Заговорили о музыке. Стэнли признался, что признает только кантри и слышать не хочет всего остального «электронного дерьма». Услышав от нас, что нам также нравятся Боб Дилан, Барбара Мандрел и Линда Ронстадт, он сразу проникся уважением к двум странным русским, неизвестно откуда взявшимся в орегонской глубинке.
Машина Стэнли уверенно гнала по каменистой пустыне, но, когда до Бернса оставалось около тридцати миль, у нее неожиданно заглох мотор.
— Что за черт? — занервничал Стэнли, понапрасну дергая ключом зажигания.— Этого не может быть: прибор показывает, что нет бензина, а я лишь пару часов назад залил полный бак!
Он выскочил из кабины и полез проверять бензобак.
— Ах, сукины дети! — разнеслось среди ночной тиши, чуть нарушаемой скрипом цикад. — Кто-то спер у меня горючее — бак абсолютно сухой!

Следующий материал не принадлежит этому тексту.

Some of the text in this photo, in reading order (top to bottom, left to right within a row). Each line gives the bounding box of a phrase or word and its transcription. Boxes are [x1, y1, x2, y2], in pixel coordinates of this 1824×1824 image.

Вот это номер! Оказывается, в Орегоне не рекомендуется оставлять надолго машину без присмотра: пока Стэнли закусывал в придорожном кафе, кто-то аккуратно слил горючее из только что заправленного бака.
И тут мы поняли, насколько американцы привязаны к своей парниковой системе сервиса и своим «железным лошадкам» — случись что с автомобилем в ночной пустыне, и ты превращаешься в несчастного пешехода наподобие русских «автостопщиков».

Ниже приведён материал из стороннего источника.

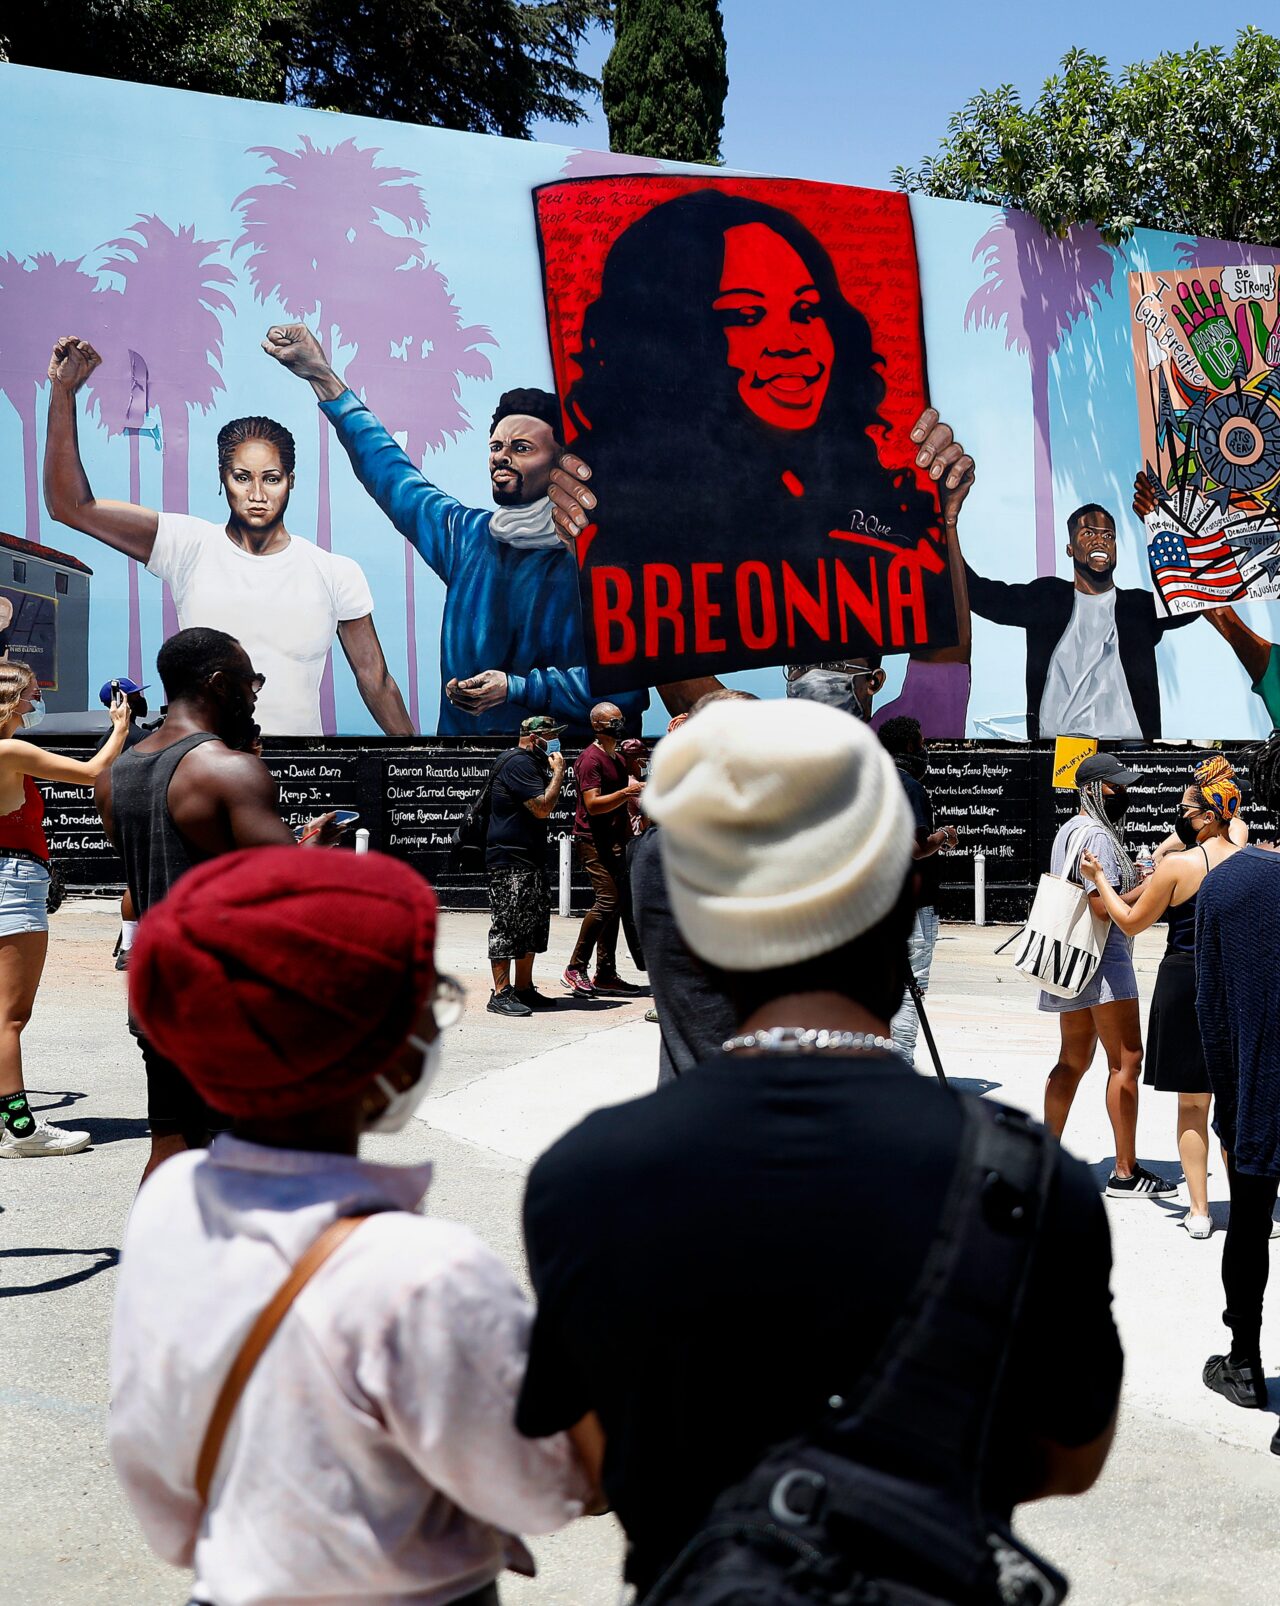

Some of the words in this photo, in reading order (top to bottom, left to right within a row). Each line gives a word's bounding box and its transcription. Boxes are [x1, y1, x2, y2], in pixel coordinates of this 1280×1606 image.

[577, 190, 607, 207] Stop
[571, 209, 624, 232] Killing
[1236, 268, 1251, 280] Be
[1153, 277, 1171, 303] I
[1192, 319, 1232, 354] HANDS
[1160, 328, 1206, 385] Breathe
[1205, 339, 1239, 379] UP
[1229, 440, 1253, 453] REAL
[1188, 502, 1211, 530] Prejudice
[1202, 512, 1242, 535] Transgression
[1148, 519, 1180, 533] inequity
[1227, 522, 1258, 538] Demonized
[590, 549, 928, 665] BREONNA
[1173, 599, 1205, 612] Racism
[289, 764, 316, 778] David
[319, 765, 342, 778] Dorn
[425, 764, 459, 778] Ricardo
[1054, 755, 1081, 778] AMPLIFY
[279, 785, 307, 804] Kemp
[387, 786, 415, 799] Oliver
[416, 785, 446, 798] Jarrod
[934, 785, 957, 795] Charles
[386, 808, 416, 826] Tyrone
[940, 805, 968, 816] Matthew
[969, 804, 996, 816] Walker
[1000, 825, 1023, 836] Rhodes
[389, 834, 428, 848] Dominique

— Не расстраивайся, Стэнли, — принялись мы успокаивать парня, — мы за последнее время в таких передрягах побывали, что нас уже ничем не удивишь. Сейчас расстелим наши спальники в кузове, ночь теплая — глядишь, доживем до утра, а там кто-нибудь и выручит.
— Ну нет! — вскипел Стэнли. — Мне с утра с отцом на ранчо ехать. Он меня просто пристукнет, если я до пяти утра не объявлюсь. Сейчас попробую у кого-нибудь стрельнуть пару литров.
Последняя фраза прозвучала как-то неубедительно на пустынной ночной дороге. Он выскочил на шоссе: издалека к нам приближались два ярких снопа света — фары какой-то легковушки.